● Source records:
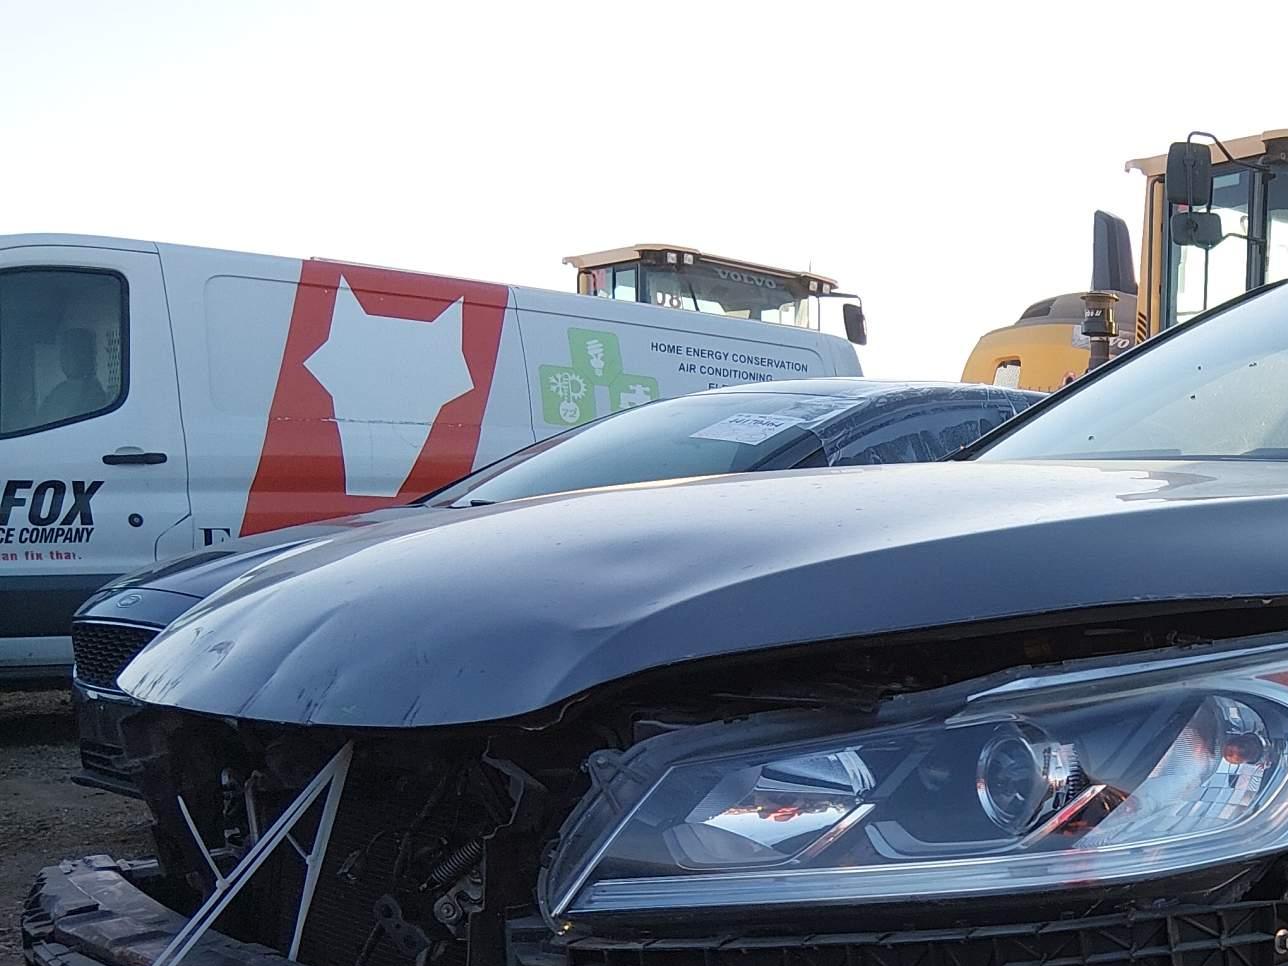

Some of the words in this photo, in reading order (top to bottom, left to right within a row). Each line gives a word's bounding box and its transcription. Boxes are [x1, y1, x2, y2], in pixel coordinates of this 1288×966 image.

[713, 267, 777, 289] VOLVO
[651, 342, 682, 355] HOME
[686, 346, 729, 361] ENERGY
[732, 353, 808, 373] CONSERVATION
[678, 362, 696, 374] AIR
[699, 365, 773, 382] CONDITIONING
[0, 480, 105, 527] FOX
[19, 527, 95, 544] COMPANY
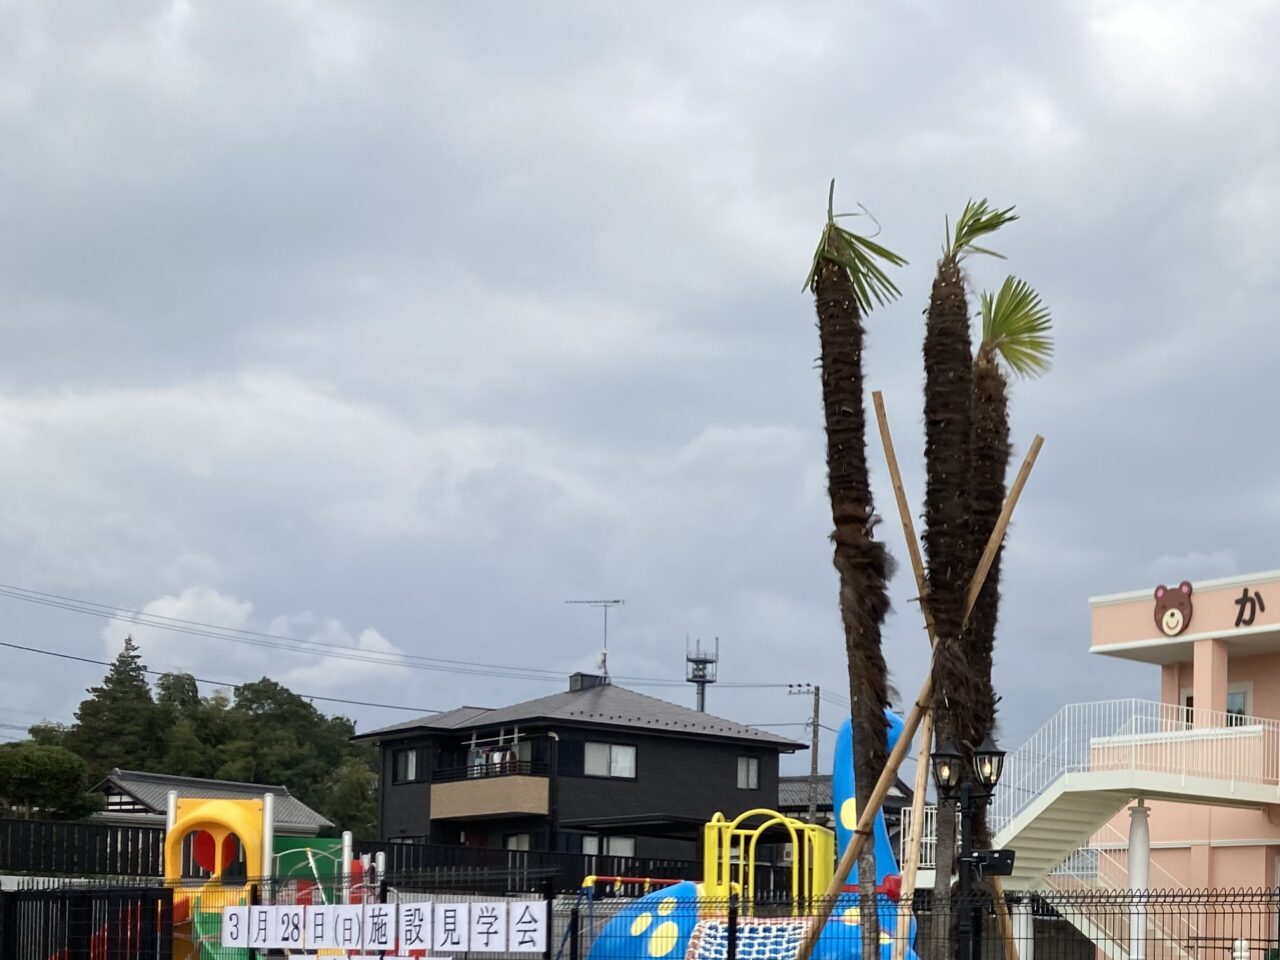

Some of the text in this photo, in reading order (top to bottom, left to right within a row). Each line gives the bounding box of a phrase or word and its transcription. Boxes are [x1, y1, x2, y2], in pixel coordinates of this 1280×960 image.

● Task description:
Transcribe the entries word for word, without their pictures.

● Response area:
Some of the words in this photo, in reading order (top to bottom, left to right within a row). Each line gives a word's bounding box and its transcription. Boxes are [x1, y1, x2, y2], in pixel coordinates of this 1288×966 image.

[713, 267, 777, 289] VOLVO
[651, 342, 682, 355] HOME
[686, 346, 729, 361] ENERGY
[732, 353, 808, 373] CONSERVATION
[678, 362, 696, 374] AIR
[699, 365, 773, 382] CONDITIONING
[0, 480, 105, 527] FOX
[19, 527, 95, 544] COMPANY

Some of the text in this photo, in reading order (top to bottom, left to right within a row). Each line gives the bounding box of a phrase or word and its transcription. Boxes are [x1, y1, x2, y2], in pixel coordinates of this 1280×960 image.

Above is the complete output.